#### Work order
Your copy should match the entries exactly, with the pictures left out.

========================================================================

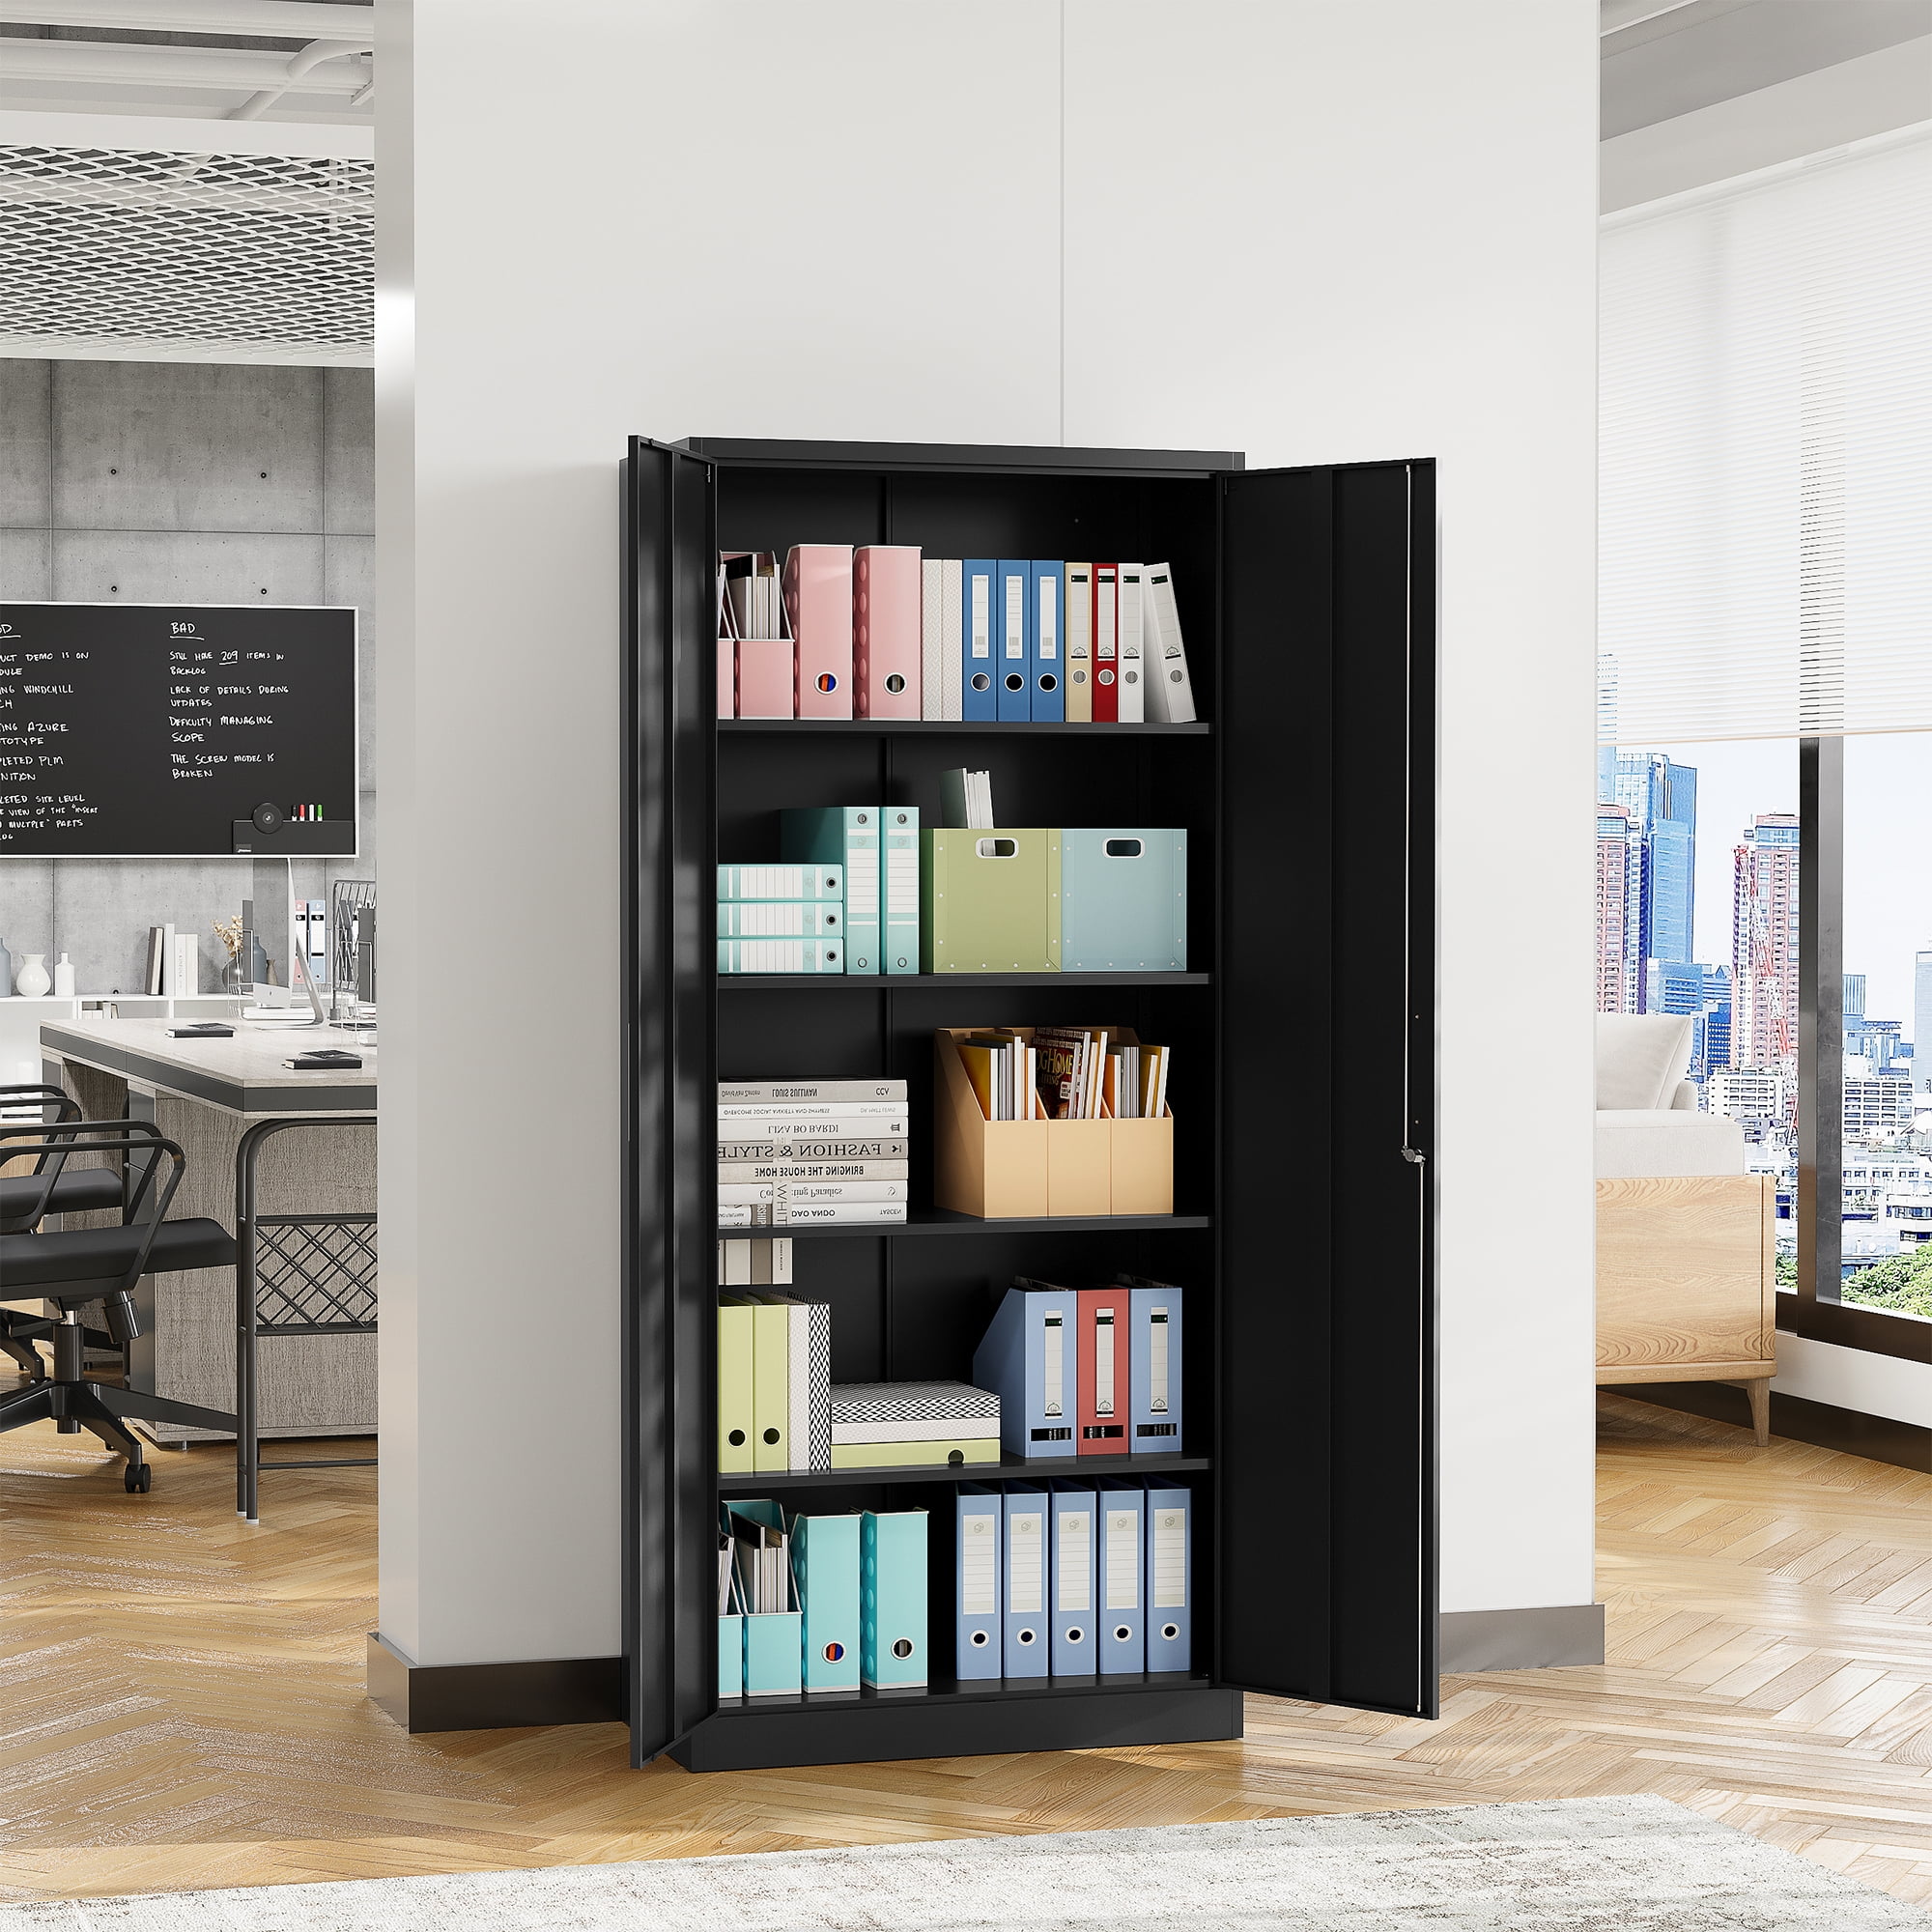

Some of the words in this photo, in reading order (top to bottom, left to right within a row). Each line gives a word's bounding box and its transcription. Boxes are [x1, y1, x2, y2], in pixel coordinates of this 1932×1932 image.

[170, 622, 196, 634] BAD
[0, 654, 17, 663] UCT
[25, 653, 53, 662] DEMO
[220, 650, 239, 662] 209
[246, 651, 270, 660] ITEMS
[0, 668, 23, 676] DULE
[170, 666, 207, 675] BACKLOG
[0, 685, 15, 695] NG
[23, 684, 74, 695] WINDCHILL
[170, 686, 192, 695] LACK
[217, 685, 252, 696] DETAILS
[170, 698, 213, 707] UPDATES
[219, 715, 273, 725] MANAGING
[0, 723, 18, 732] ING
[27, 722, 70, 732] AZURE
[0, 737, 44, 746] TOTYPE
[171, 732, 205, 742] SCOPE
[0, 756, 34, 766] LETED
[39, 756, 64, 766] PLM
[171, 753, 189, 764] THE
[195, 753, 228, 764] SCREW
[268, 753, 274, 762] IS
[0, 773, 37, 781] NITION
[172, 769, 213, 780] BROKEN
[0, 795, 28, 804] LETED
[58, 794, 85, 804] LEVEL
[36, 807, 45, 815] OF
[56, 819, 84, 829] PARTS
[777, 1183, 787, 1225] WHIT
[757, 1204, 767, 1225] RSHIP
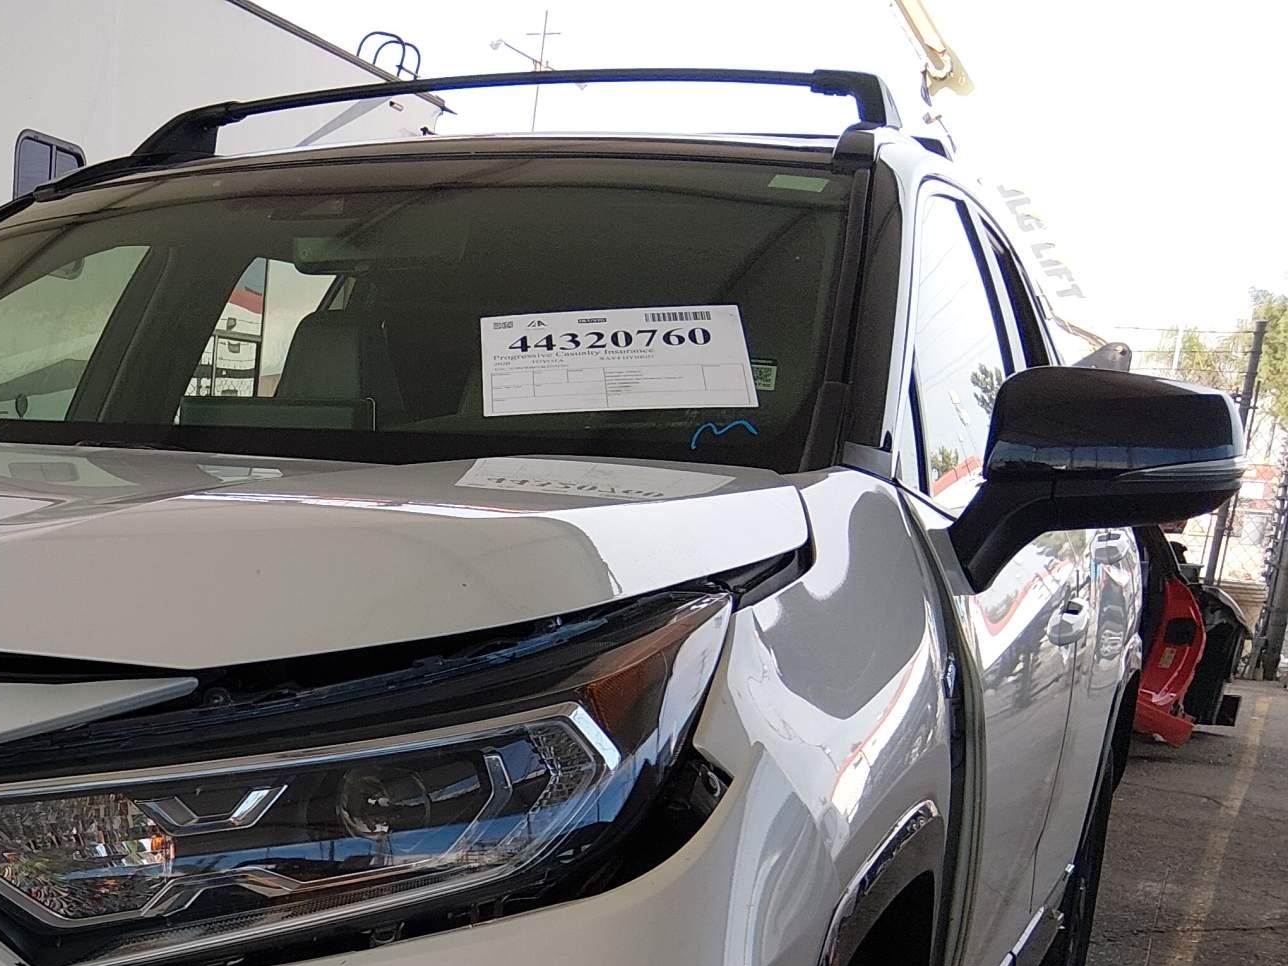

========================================================================

#### Solution to the exercise
Some of the words in this photo, in reading order (top to bottom, left to right within a row). Each line gives a word's bounding box and its transcription. Boxes are [x1, y1, x2, y2], in pixel coordinates of this 1932×1932 image.

[170, 622, 196, 634] BAD
[0, 654, 17, 663] UCT
[25, 653, 53, 662] DEMO
[220, 650, 239, 662] 209
[246, 651, 270, 660] ITEMS
[0, 668, 23, 676] DULE
[170, 666, 207, 675] BACKLOG
[0, 685, 15, 695] NG
[23, 684, 74, 695] WINDCHILL
[170, 686, 192, 695] LACK
[217, 685, 252, 696] DETAILS
[170, 698, 213, 707] UPDATES
[219, 715, 273, 725] MANAGING
[0, 723, 18, 732] ING
[27, 722, 70, 732] AZURE
[0, 737, 44, 746] TOTYPE
[171, 732, 205, 742] SCOPE
[0, 756, 34, 766] LETED
[39, 756, 64, 766] PLM
[171, 753, 189, 764] THE
[195, 753, 228, 764] SCREW
[268, 753, 274, 762] IS
[0, 773, 37, 781] NITION
[172, 769, 213, 780] BROKEN
[0, 795, 28, 804] LETED
[58, 794, 85, 804] LEVEL
[36, 807, 45, 815] OF
[56, 819, 84, 829] PARTS
[777, 1183, 787, 1225] WHIT
[757, 1204, 767, 1225] RSHIP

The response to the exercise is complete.